[Records Boundary: Start]

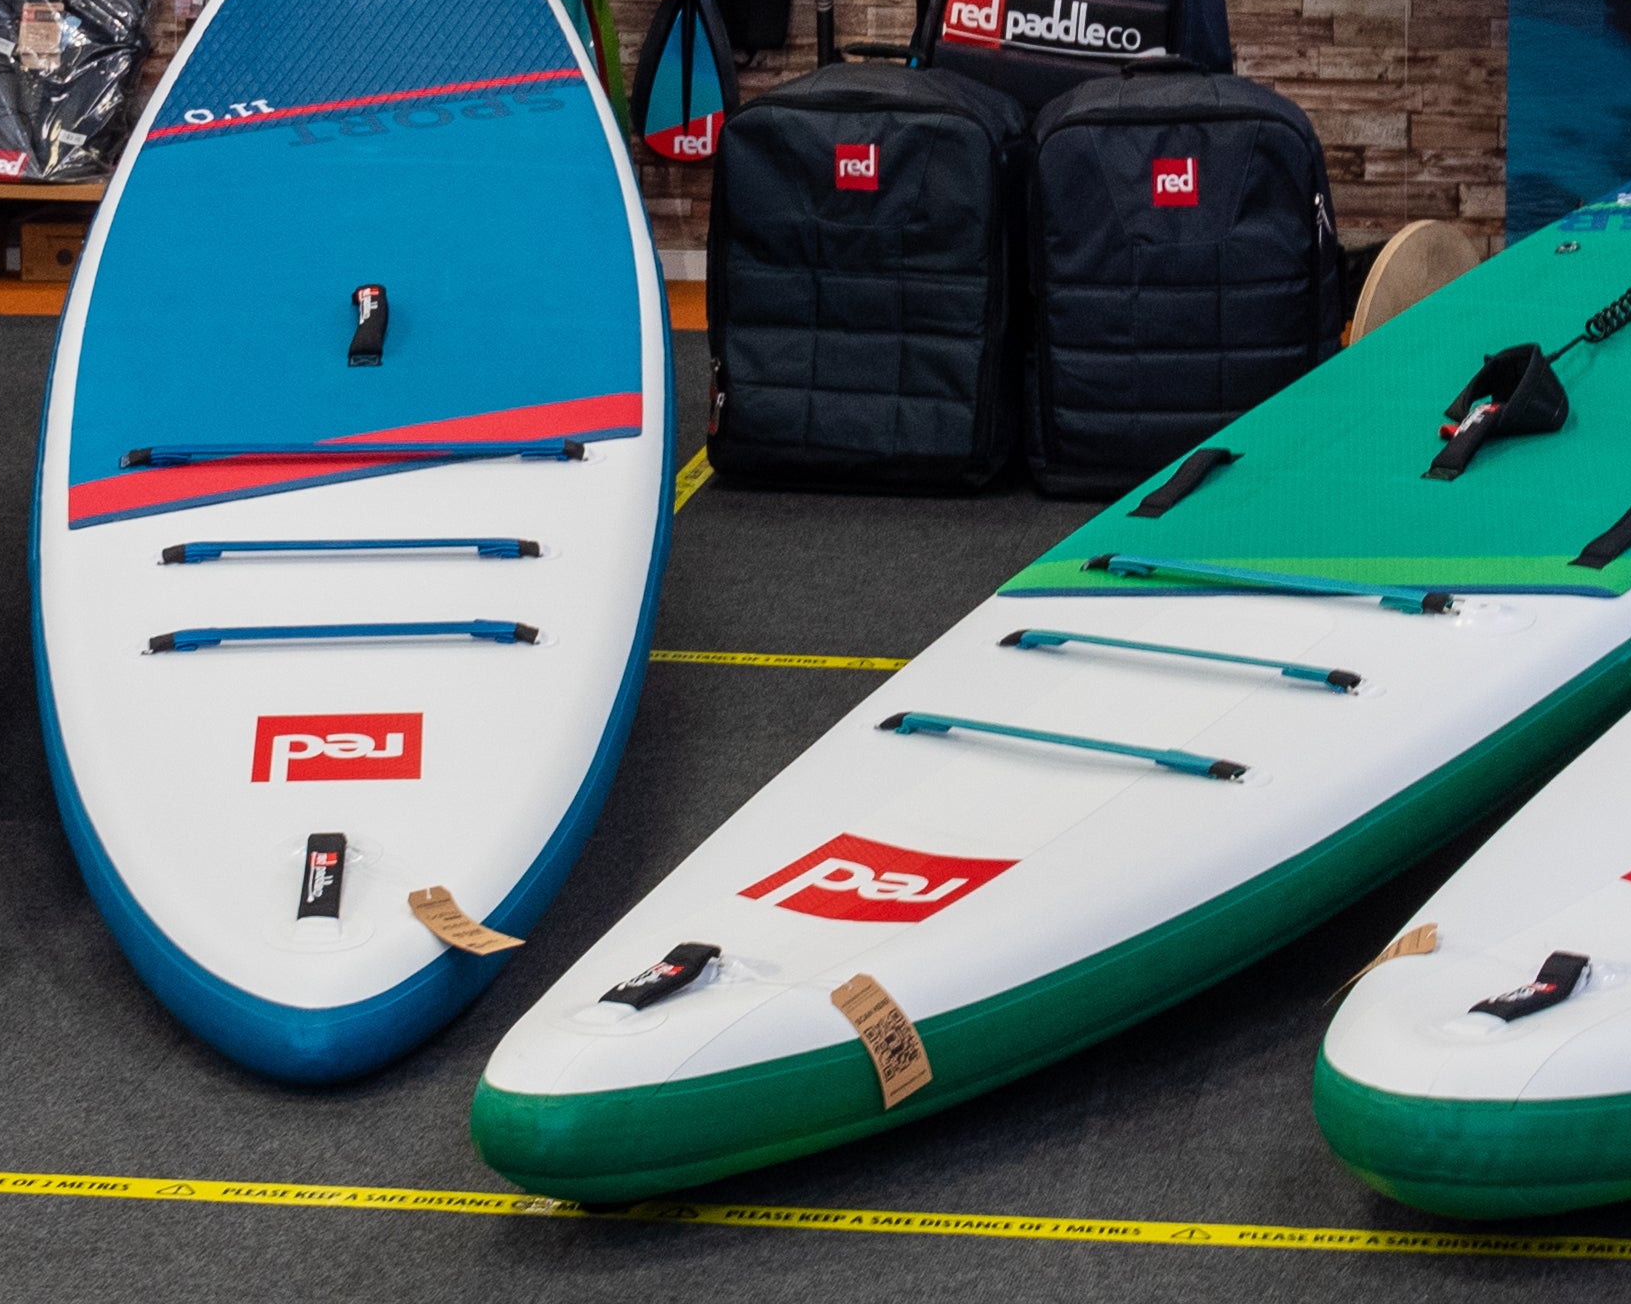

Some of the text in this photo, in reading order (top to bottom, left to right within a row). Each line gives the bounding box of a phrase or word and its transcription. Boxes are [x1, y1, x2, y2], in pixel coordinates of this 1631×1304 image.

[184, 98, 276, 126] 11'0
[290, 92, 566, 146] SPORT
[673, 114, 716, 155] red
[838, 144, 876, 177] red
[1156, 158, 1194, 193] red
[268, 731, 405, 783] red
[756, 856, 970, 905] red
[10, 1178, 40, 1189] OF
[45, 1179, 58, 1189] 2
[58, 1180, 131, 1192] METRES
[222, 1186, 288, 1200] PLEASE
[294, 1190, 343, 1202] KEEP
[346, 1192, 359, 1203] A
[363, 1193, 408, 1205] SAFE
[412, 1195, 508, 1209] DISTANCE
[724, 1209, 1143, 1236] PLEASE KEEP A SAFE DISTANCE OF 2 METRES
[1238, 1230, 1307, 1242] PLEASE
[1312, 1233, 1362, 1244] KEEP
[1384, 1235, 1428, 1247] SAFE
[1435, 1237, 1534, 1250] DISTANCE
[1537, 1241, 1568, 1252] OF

[Records Boundary: End]

- [Brief]:
None of the pictures should appear, though every line of the data above must be reproduced exactly.

- [Exercise response]:
Some of the text in this photo, in reading order (top to bottom, left to right within a row). Each line gives the bounding box of a phrase or word and its transcription. Boxes are [x1, y1, x2, y2], in pixel coordinates of this 1631×1304 image.

[184, 98, 276, 126] 11'0
[290, 92, 566, 146] SPORT
[673, 114, 716, 155] red
[838, 144, 876, 177] red
[1156, 158, 1194, 193] red
[268, 731, 405, 783] red
[756, 856, 970, 905] red
[10, 1178, 40, 1189] OF
[45, 1179, 58, 1189] 2
[58, 1180, 131, 1192] METRES
[222, 1186, 288, 1200] PLEASE
[294, 1190, 343, 1202] KEEP
[346, 1192, 359, 1203] A
[363, 1193, 408, 1205] SAFE
[412, 1195, 508, 1209] DISTANCE
[724, 1209, 1143, 1236] PLEASE KEEP A SAFE DISTANCE OF 2 METRES
[1238, 1230, 1307, 1242] PLEASE
[1312, 1233, 1362, 1244] KEEP
[1384, 1235, 1428, 1247] SAFE
[1435, 1237, 1534, 1250] DISTANCE
[1537, 1241, 1568, 1252] OF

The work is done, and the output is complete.